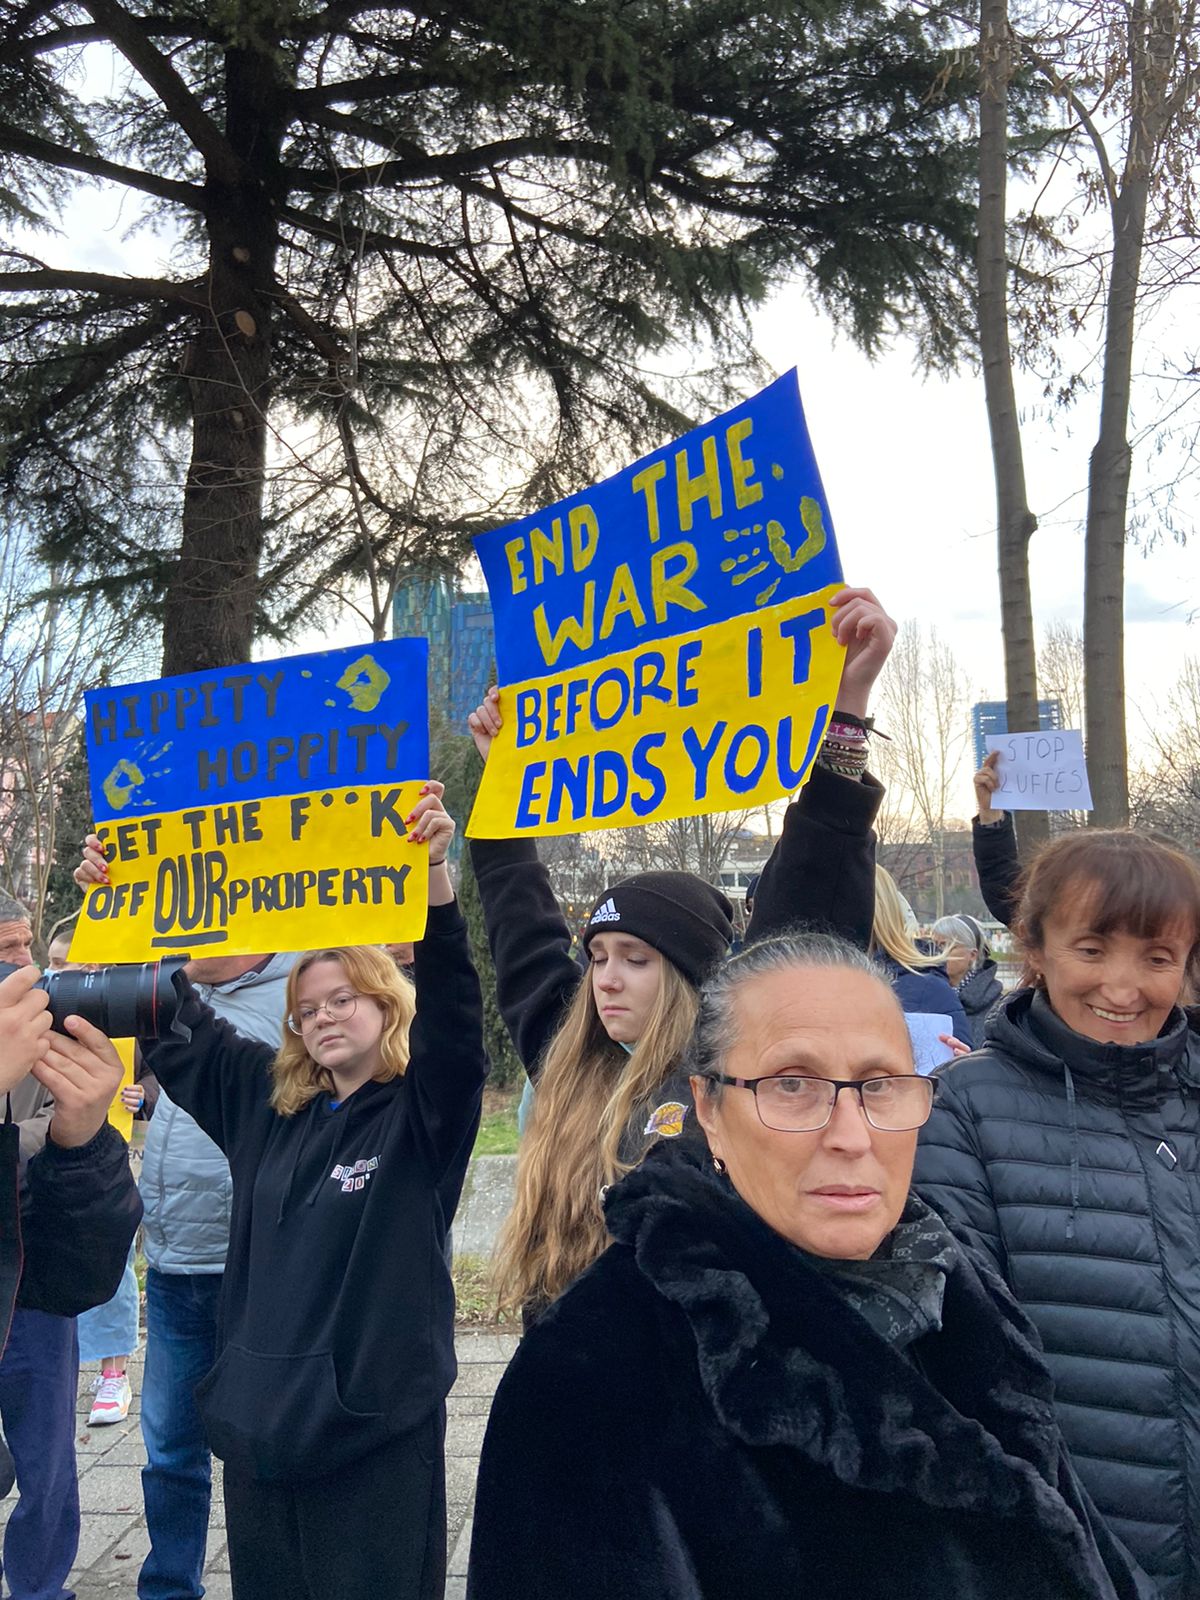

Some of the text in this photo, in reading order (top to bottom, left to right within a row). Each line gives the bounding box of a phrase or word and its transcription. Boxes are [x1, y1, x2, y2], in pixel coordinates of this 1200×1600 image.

[504, 417, 764, 595] END THE
[533, 541, 707, 667] WAR
[92, 671, 285, 746] HIPPITY
[515, 608, 827, 749] BEFORE IT
[197, 721, 410, 791] HOPPITY
[515, 704, 830, 829] ENDS YOU
[1007, 736, 1065, 762] STOP
[96, 818, 162, 863] GET
[183, 801, 263, 850] THE
[86, 850, 412, 934] OFF OUR PROPERTY
[590, 911, 621, 925] adidas
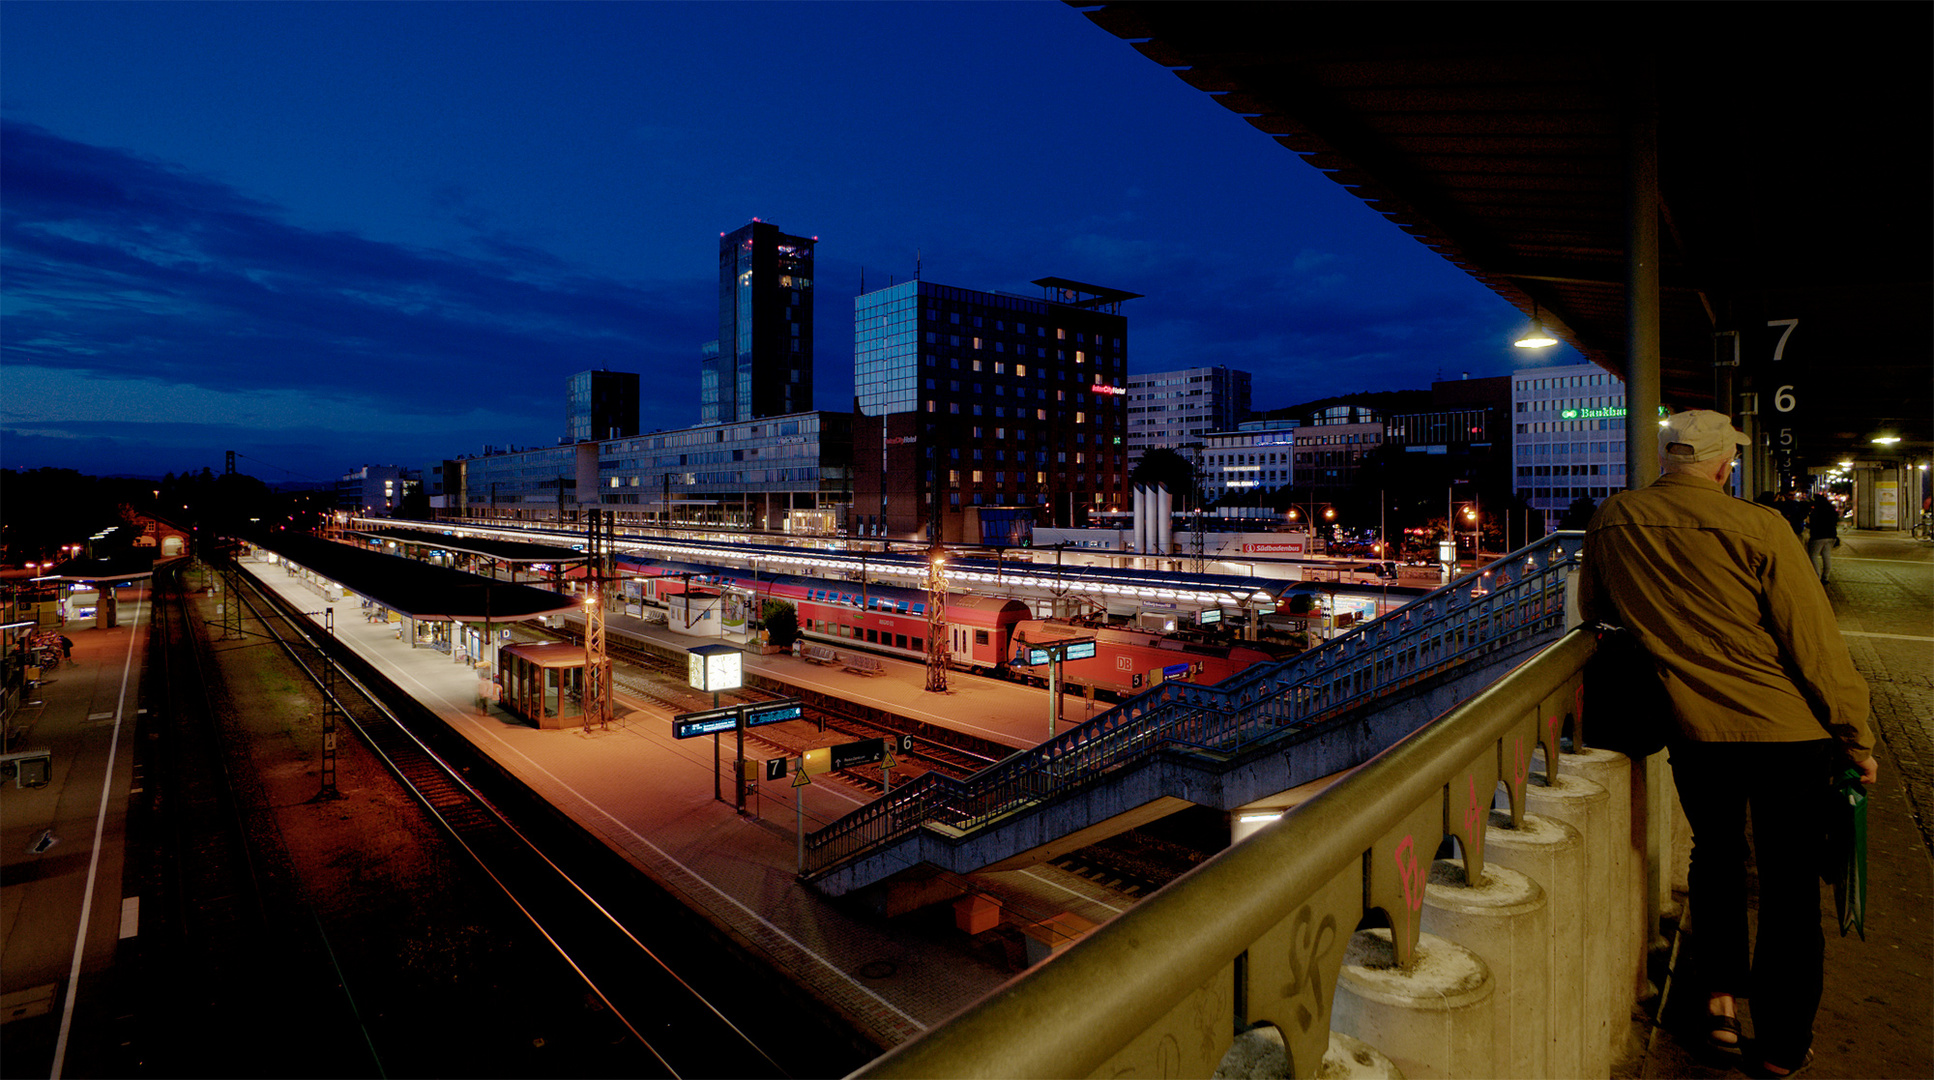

- - - - - - -

**YOUR ASSIGNMENT:**
Word for word, print every record, and leave out any picture.

**SOLUTION FOR THIS TASK:**
Some of the text in this photo, in reading order (top to bottom, left to right within a row). Each line gives the bounding box of a phrase or word and its transcription. Boxes are [x1, y1, x2, y2], in pixel coordinates of this 1200×1600 image.

[504, 417, 764, 595] END THE
[533, 541, 707, 667] WAR
[92, 671, 285, 746] HIPPITY
[515, 608, 827, 749] BEFORE IT
[197, 721, 410, 791] HOPPITY
[515, 704, 830, 829] ENDS YOU
[1007, 736, 1065, 762] STOP
[96, 818, 162, 863] GET
[183, 801, 263, 850] THE
[86, 850, 412, 934] OFF OUR PROPERTY
[590, 911, 621, 925] adidas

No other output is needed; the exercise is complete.